I for one am not alarmed. First, the percentage of GDP is quite small. Since it is smaller than the GDP growth rate, it does not imply rising interest rates or a rising burden of interest on the tax revenue.
Second, although we really need a Treasury-model run for a longer period, my hunch is that the situation will be stable and maybe improving. The reason is that in the earlier years planned public expenditure is really growing fast. This is the consequence of the nation's decision that it needs to recover the backlog of past under-expenditure on the public services and infrastructure.
Once this task has been achieved I see no reason in fact for long-run public expenditure to grow faster than long run GDP. By contrast, current plans mean that in the next three years public expenditure will be growing no less than slightly more than twice the rate of GDP. Third, I cannot really feel that the economy will somehow become unbalanced if we finance a very modest fraction (less than one-thirtieth) of total public expenditure by borrowing.
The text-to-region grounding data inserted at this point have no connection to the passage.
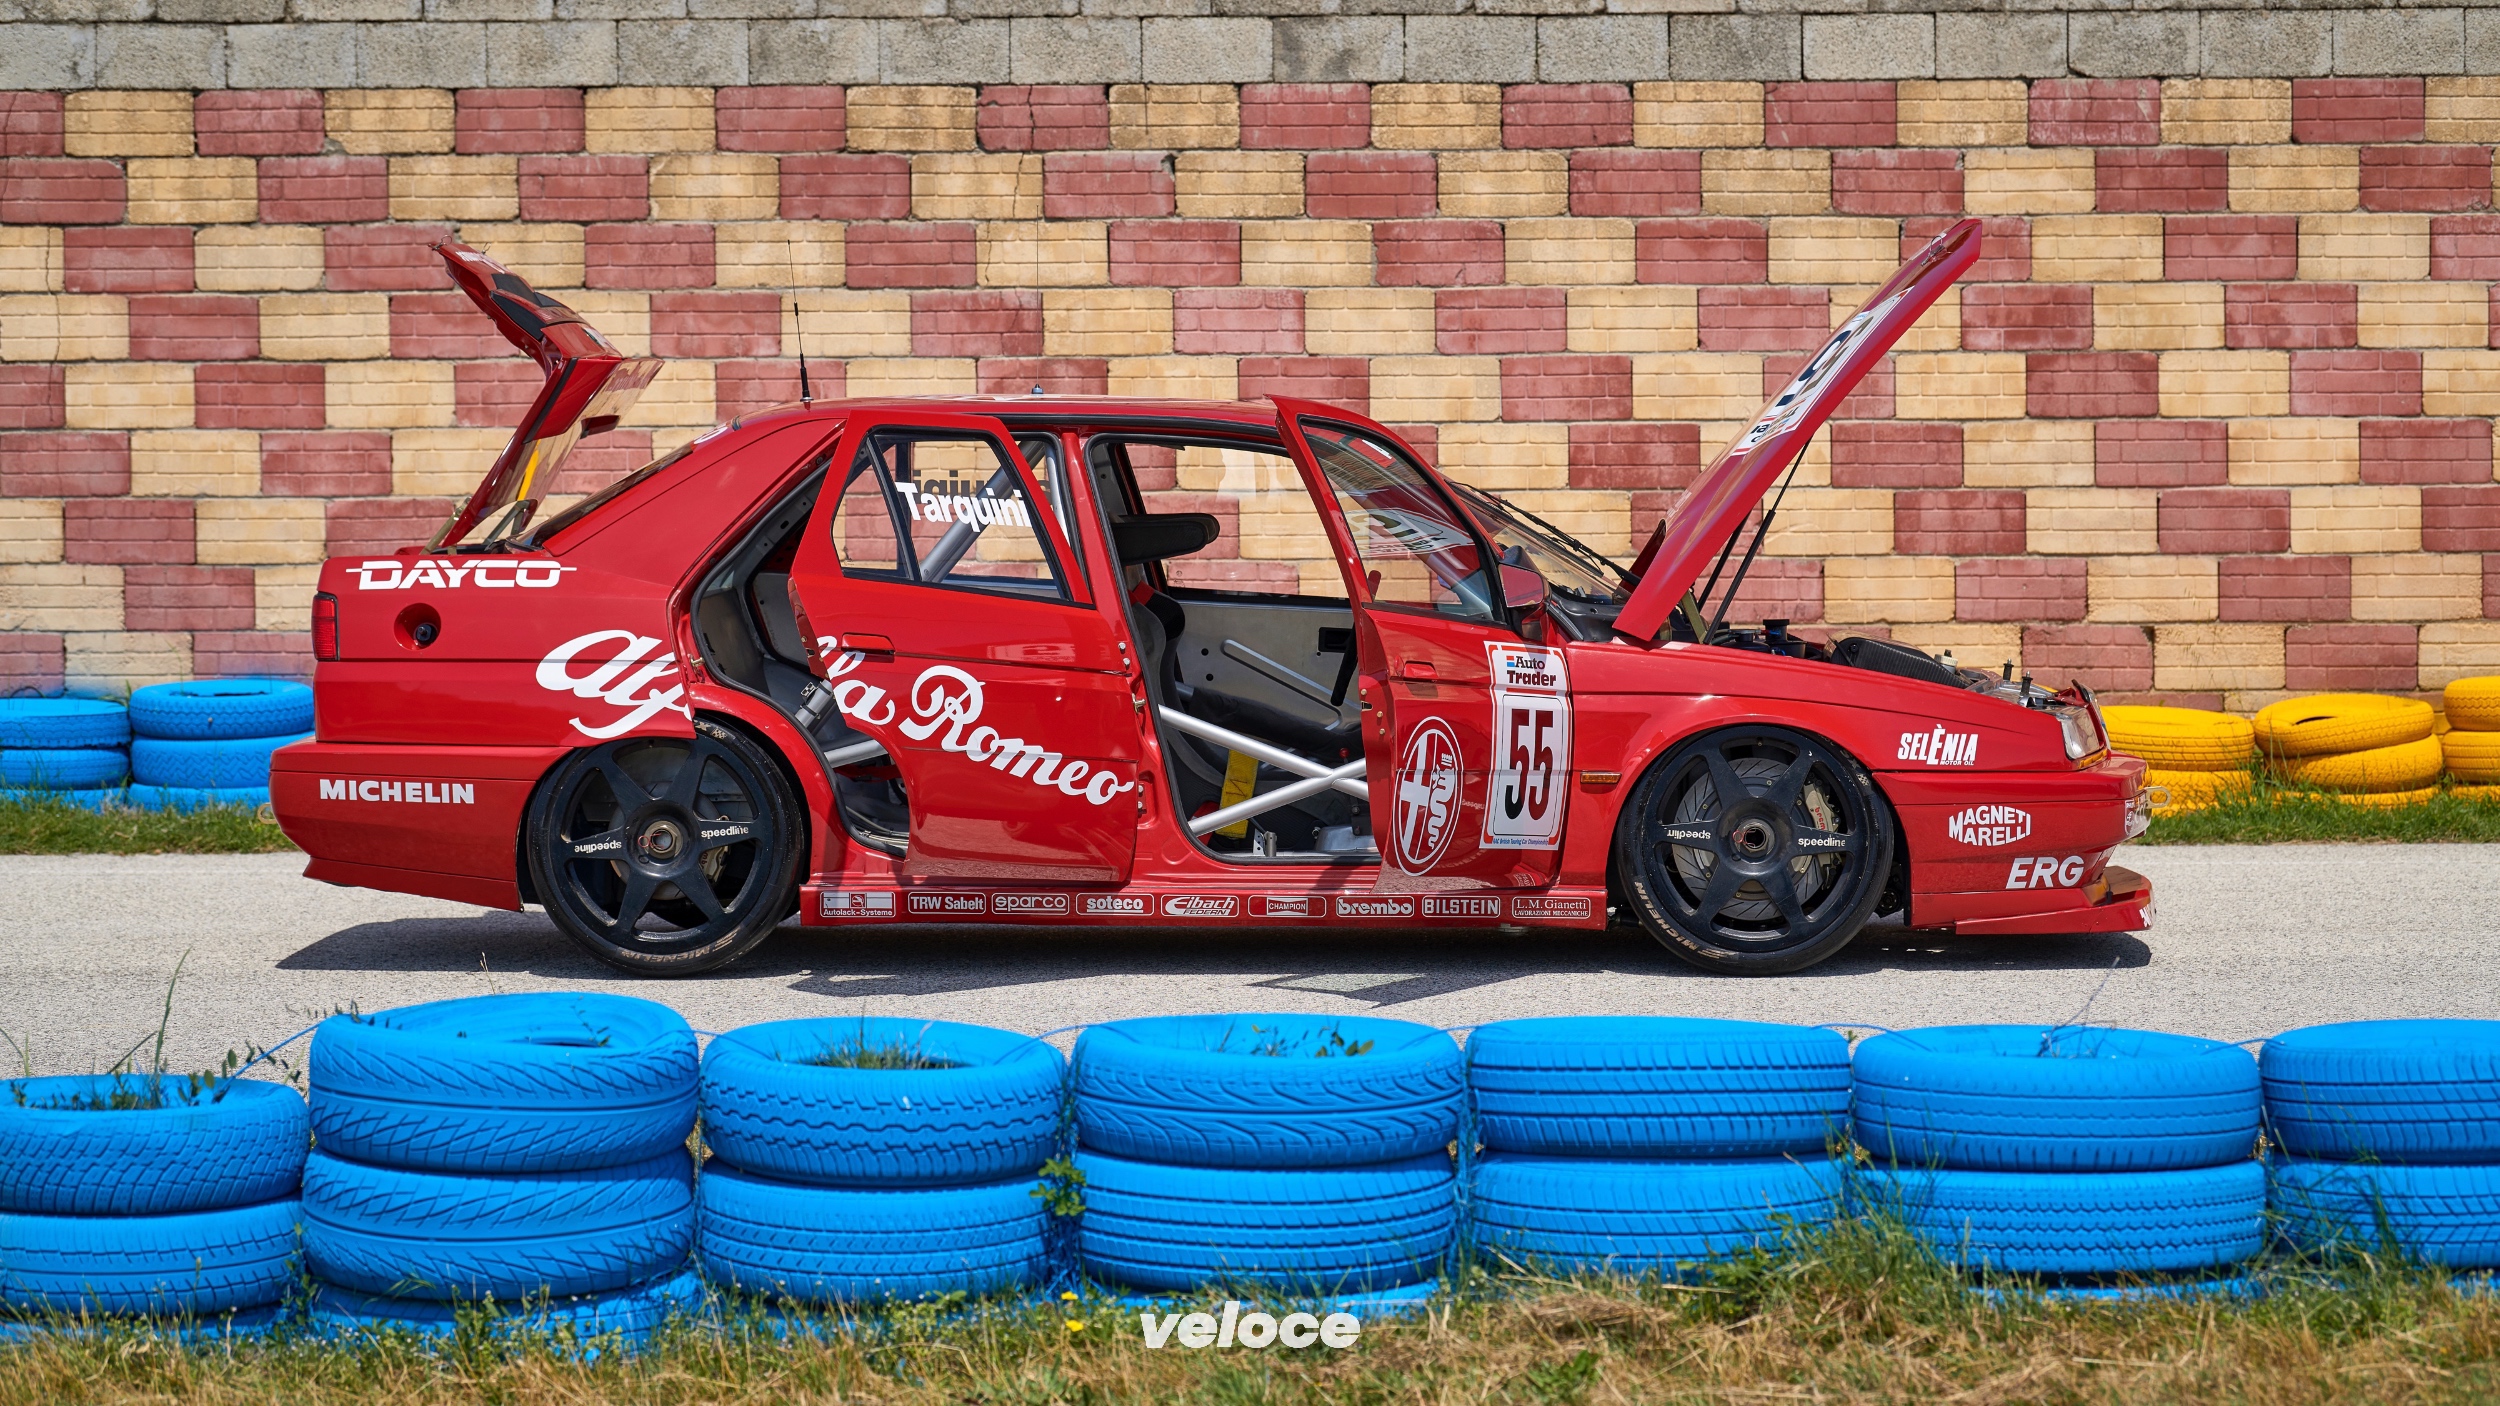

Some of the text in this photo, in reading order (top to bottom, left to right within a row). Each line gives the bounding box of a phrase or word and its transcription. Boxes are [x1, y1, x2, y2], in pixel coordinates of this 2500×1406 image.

[894, 481, 1032, 533] Tarquini
[346, 560, 577, 590] DAYCO
[1515, 656, 1546, 670] Auto
[1507, 670, 1557, 687] Trader
[898, 665, 1135, 805] Romeo
[1897, 724, 1979, 766] SELÈNIA
[1504, 708, 1554, 821] 55
[319, 779, 475, 804] MICHELIN
[701, 825, 749, 840] speedline
[574, 840, 622, 853] speedline
[1798, 837, 1846, 848] speedline
[2005, 855, 2085, 890] ERG
[911, 896, 984, 911] TRW Sabelt
[995, 896, 1066, 911] sparco
[1086, 897, 1144, 910] soteco
[1165, 896, 1235, 915] Eibach
[1268, 902, 1306, 911] CHAMPION
[1338, 899, 1413, 915] brembo
[1424, 899, 1498, 915] BILSTEIN
[1545, 899, 1587, 910] Gianetti
[823, 908, 893, 917] Autolack-Systeme
Fourth, the projected "current" deficit (the number you arrive at when public investment projects are removed from the figures) is in fact on a similar scale to the actual projected investment. In other words, this is a familiar process or borrowing to finance infrastructure.
So where, in light of all this, stands Gordon Brown? In my estimation, very definitely up. I suspect he knows exactly what he is doing, namely paying obeisance to the political prejudices of the financial markets (and also to the anachronistic EU stability pact) while basically serving the clear collective needs and desires of the nation's citizens. We want those schools and hospitals and we want value for money. Given those points, I doubt we are deeply concerned if a small fraction of the cost is financed by debt rather than taxation.
Professor Robin Marris is Professor Emeritus of Economics at Birkbeck College and the author of 'Ending Poverty'.
* See especially, Professor Peter Spencer, York University, 'Economic Update' ITEM Club, autumn 2003 issue of 'Economic Outlook for Business'.